11) Security and privacy
RBAC per repository: only domain owners can edit.
Secrets and PII: Cannot be kept in open documents; only links to protected vaults.
Audit: log of all changes, reviews and publications.
Update Policy: Review of SOPs every 6 months.
Backups: regular repository snapshots and portal caches in the DR zone.
12) Maturity metrics
13) Anti-patterns
Documentation is stored in Google Docs without versions and owners.
Runbook is not updated after releases.
SOP refers to legacy commands/tools.
No CI validation: Markdown with errors and broken links.
Duplicate the same instructions in different locations.
Lack of owners and review process.
14) Implementation checklist
- Identify domain owners and document owners.
- Create Git repository 'ops-docs/' and SOP/runbook/playbook templates.
- Configure CI checks and linters (Markdown/YAML).
- Configure Auto-Publish to Portal or Wiki.
- Integrate with Grafana/Incident Manager.
- Add an Ops bot for reminders and SLA revisions.
- Train docs-as-code workflow commands.
15) 30/60/90 - implementation plan
30 days:- Create repository structure, templates, CI linter and PR review process.
- Migrate key SOPs and 5-10 critical runbooks.
- Set up auto-build in the portal.
- Implement integrations with Incident Manager and Grafana.
- Connect Ops bot for audits and reporting.
- Update the postmortem template and link to the dashboard incident.
- Full coverage of SOP/runbook (≥90%).
- Enter KPI: Coverage, Review SLA, Usage.
- Retro on the convenience and quality of the "docs-as-code" process.
16) Example of SOP template (Markdown)
SOP: Deployment через ArgoCD id: sop-deploy owner: platform-team last_review: 2025-10-15 tags: [deployment, rollback, argo]
Цель
Обеспечить безопасное и управляемое развертывание сервисов через ArgoCD.
Контекст
Используется для всех микросервисов с шаблоном Helm v2+.
Требует активного GitOps-контура и включенных health-checks.
Последовательность шагов
1. Проверить статус `argocd app list`
2. Выполнить `argocd app sync payments-api`
3. Убедиться, что `status: Healthy`
4. В случае проблем — `argocd app rollback payments-api --to-rev <rev>`
Проверка результата
SLO API доступность ≥ 99.95%, алертов нет.
Риски и откат
- Ошибка синхронизации — rollback.
- При повторных ошибках — эскалация Head of Ops.
Контакты
@platform-team / #ops-deploy
17) Integration with other processes
Operational analytics: Coverage and SLA audit reports.
Operator training: training based on real runbooks.
Postmortems: automatic insertion of links to SOP and playbook.
Governance ethics: transparency of change and authorship.
AI assistants: context search and TL; DR from the repository.
18) FAQ
Q: Why Git if there's Confluence?
A: Git gives versions, review, automation and reproducibility.
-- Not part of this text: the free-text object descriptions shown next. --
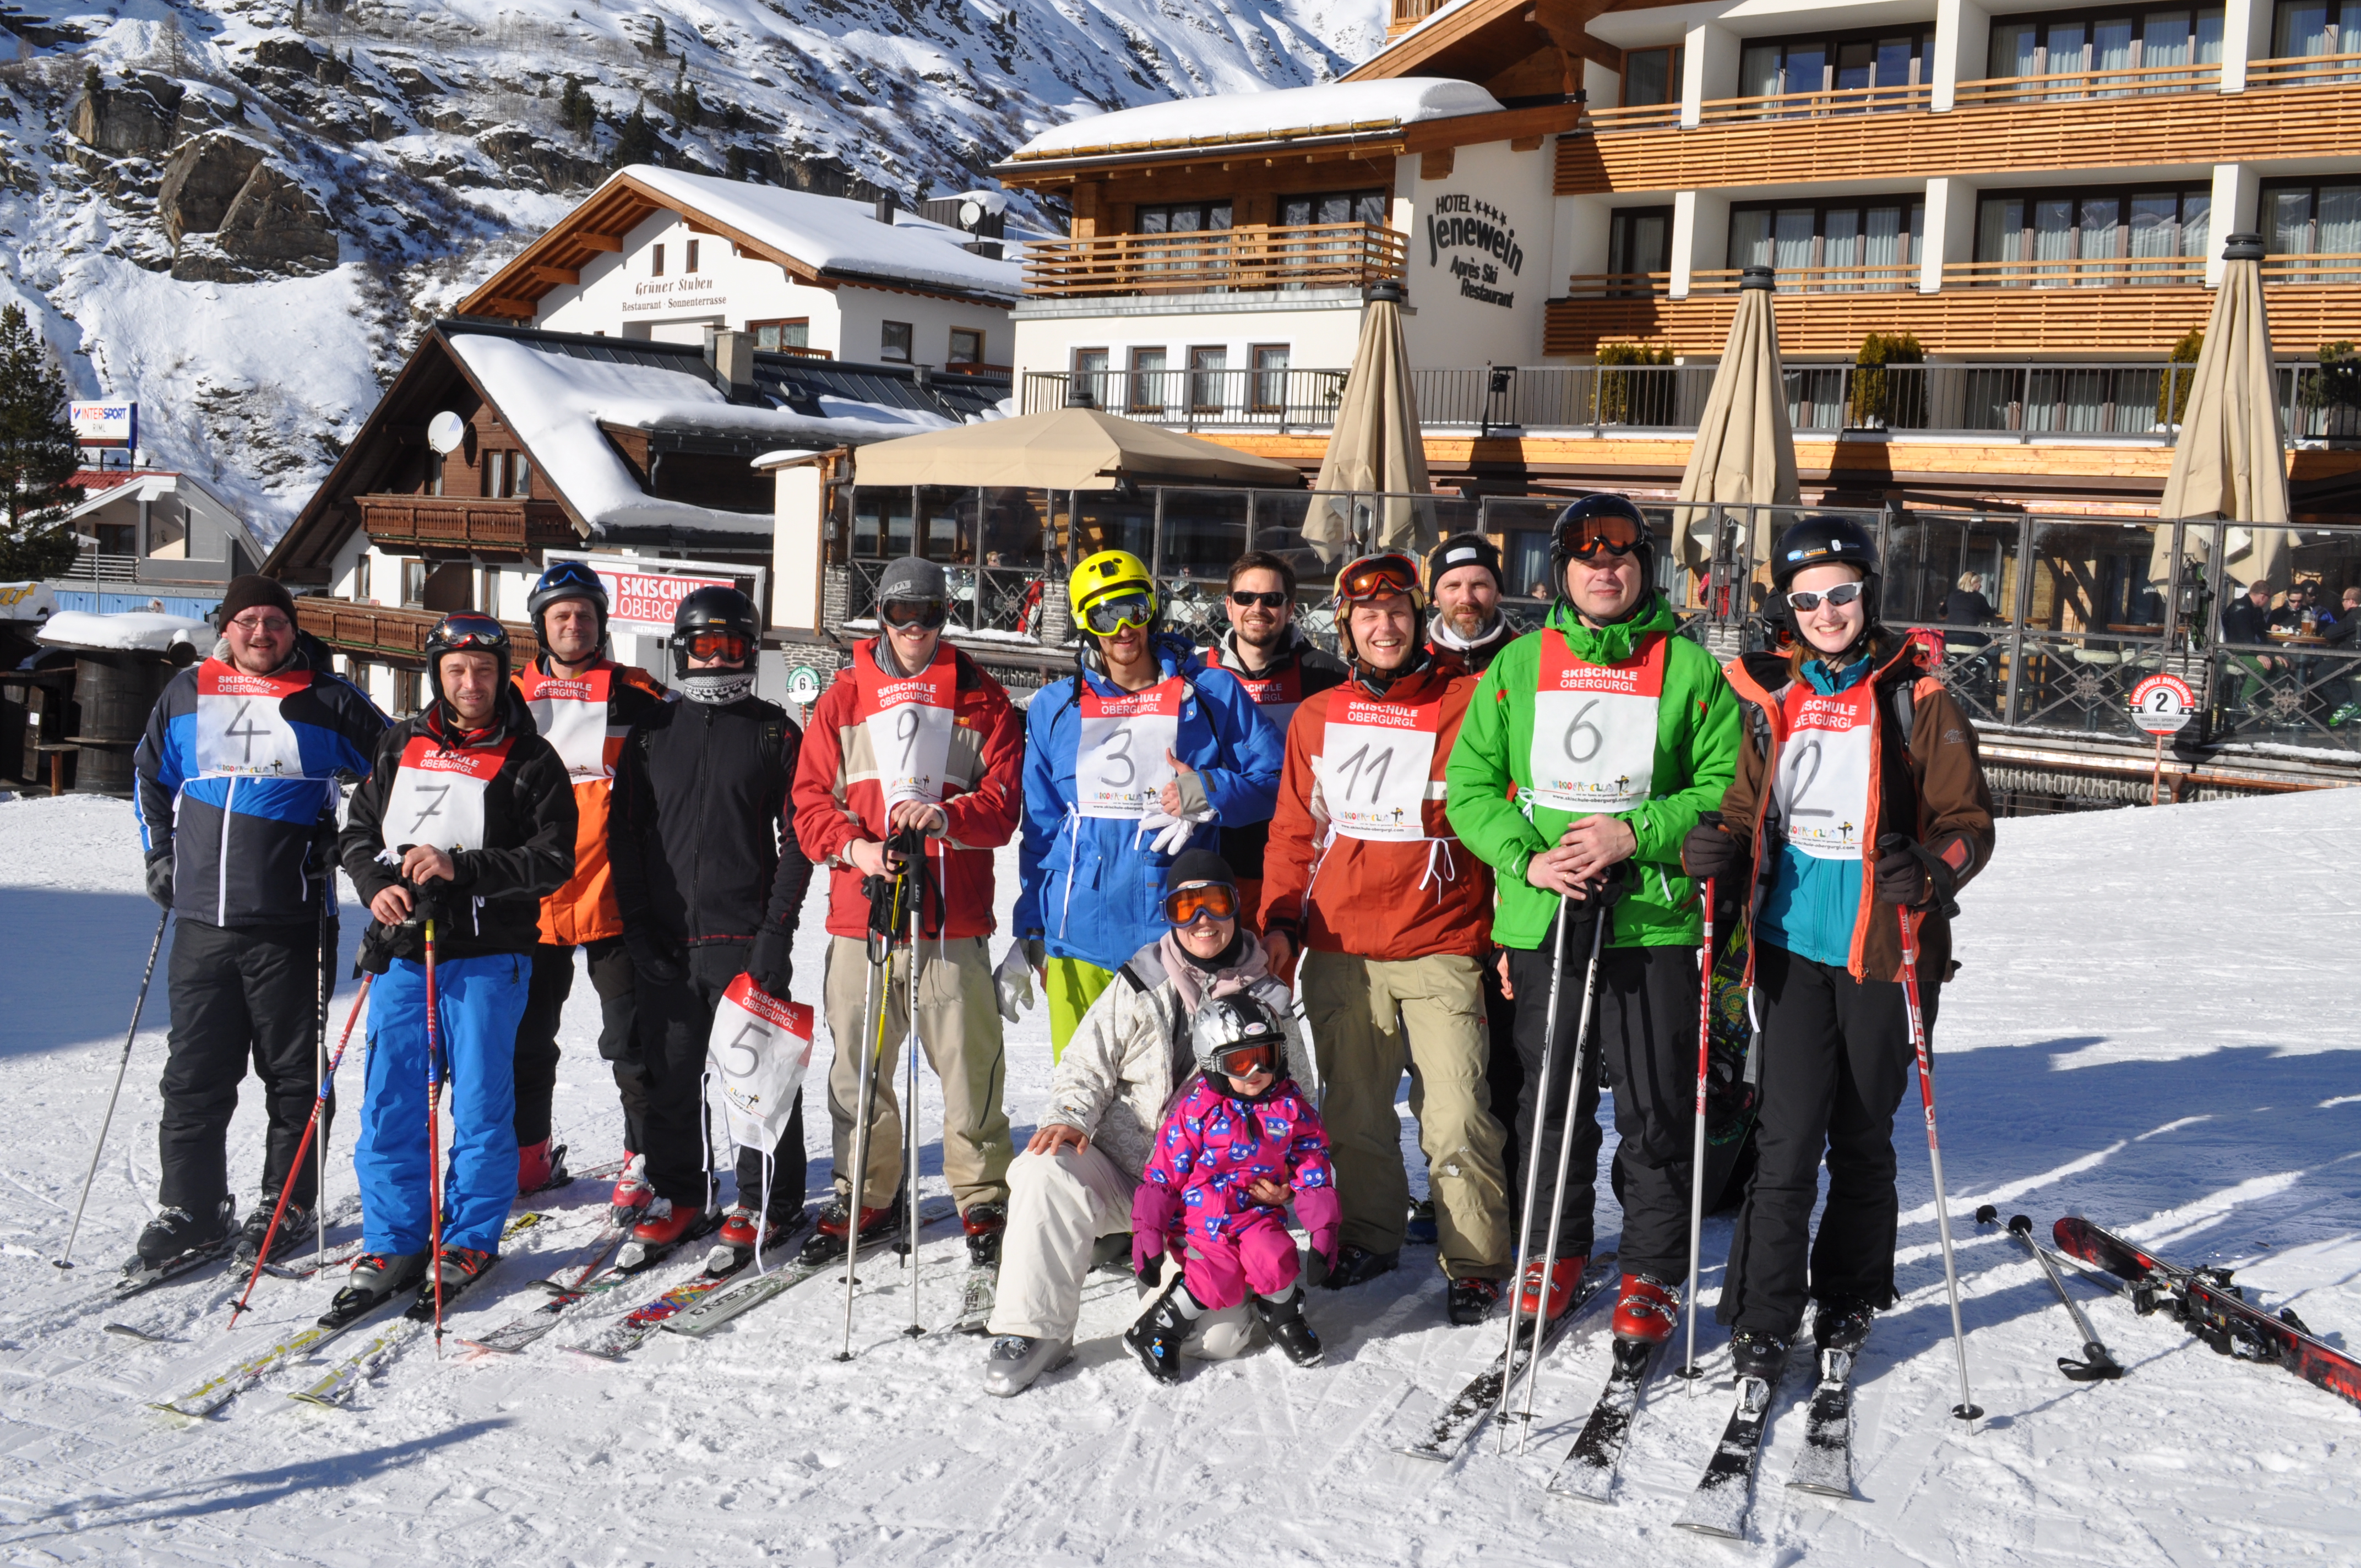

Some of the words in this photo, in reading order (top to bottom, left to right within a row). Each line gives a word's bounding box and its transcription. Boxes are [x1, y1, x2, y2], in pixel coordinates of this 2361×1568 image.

[1436, 195, 1471, 215] HOTEL
[1427, 214, 1523, 276] Jenewein
[1450, 255, 1480, 279] Après
[1482, 265, 1499, 284] Ski
[635, 281, 674, 297] Grüner
[678, 277, 712, 291] Stuben
[1460, 278, 1514, 308] Restaurant
[622, 300, 661, 311] Restaurant
[668, 296, 727, 308] Sonnenterrasse
[82, 407, 127, 420] INTERSPORT
[93, 423, 106, 432] RIML
[218, 676, 280, 691] SKISCHULE
[799, 678, 806, 690] 6
[1562, 668, 1638, 680] SKISCHULE
[217, 684, 270, 694] OBERGURGL
[534, 688, 591, 700] OBERGURGL
[877, 682, 937, 698] SKISCHULE
[1560, 679, 1636, 692] OBERGURGL
[2132, 677, 2161, 703] SKISCHULE
[2162, 677, 2191, 704] OBERGURGL
[879, 693, 936, 708] OBERGURGL
[1251, 693, 1283, 702] GURGL
[1799, 700, 1857, 715] ISCHULE
[2155, 692, 2168, 712] 2
[1101, 703, 1159, 715] OBERGURGL
[1347, 711, 1416, 727] OBERGURGL
[1348, 702, 1418, 717] SKISCHULE
[1794, 714, 1852, 728] BERGURGL
[225, 700, 271, 764] 4
[897, 709, 920, 770] 9
[1563, 699, 1603, 764] 6
[420, 759, 472, 774] OBERGURGL
[1098, 728, 1135, 787] 3
[1337, 743, 1394, 805] 11
[1790, 740, 1835, 818] 2
[410, 785, 450, 834] 7
[1587, 958, 1598, 998] LEKI
[742, 997, 795, 1030] OBERGURGL
[748, 987, 798, 1020] SKISCHULE
[724, 1021, 773, 1078] 5
[1912, 1005, 1929, 1078] SCOTT
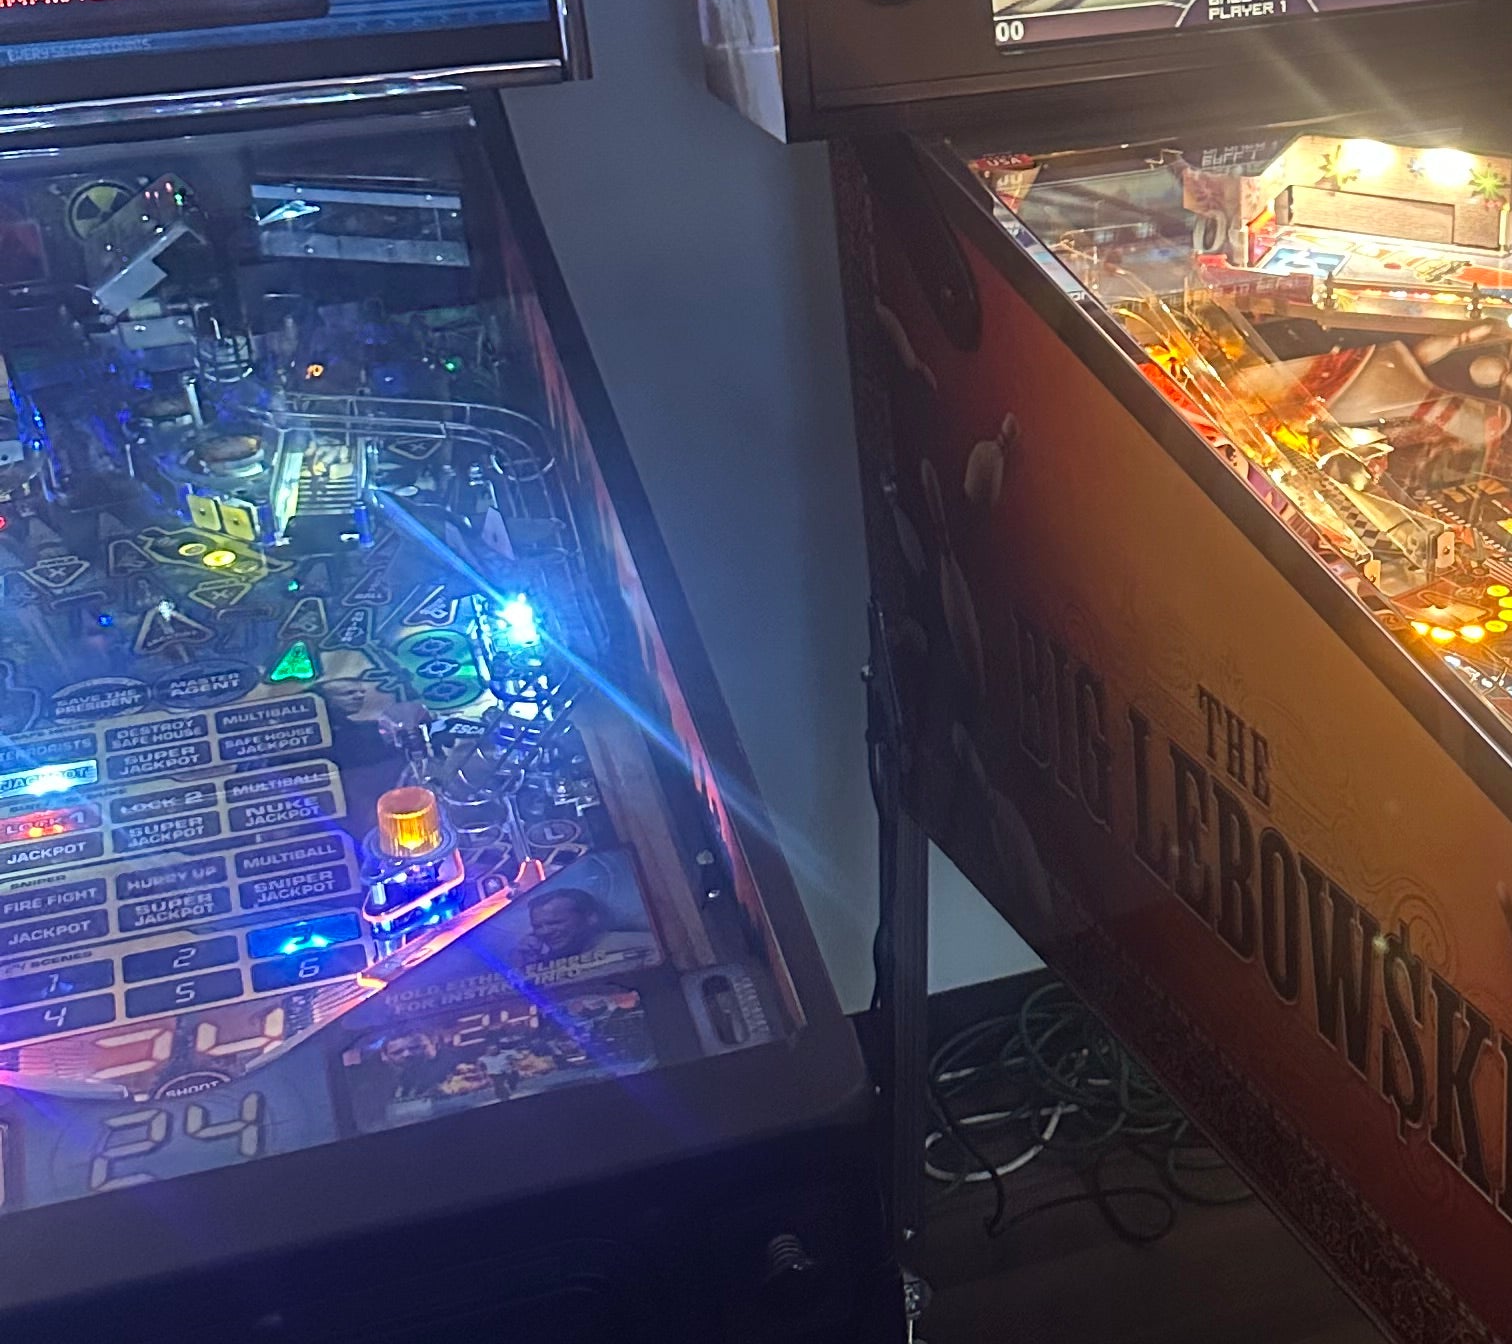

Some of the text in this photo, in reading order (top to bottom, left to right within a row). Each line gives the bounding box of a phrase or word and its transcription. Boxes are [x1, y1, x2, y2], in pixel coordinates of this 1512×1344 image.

Confluence may be the ultimate showcase, but not the source of truth.
Q: How to avoid outdated instructions?
A: SLA for revision (180 days) + Ops-reminder bots + automatic badge of the last check.
Q: Can the CI be connected to the documentation?
A: Yes. Syntax, required fields, and broken references are checked as standard pipeline, similar to code tests.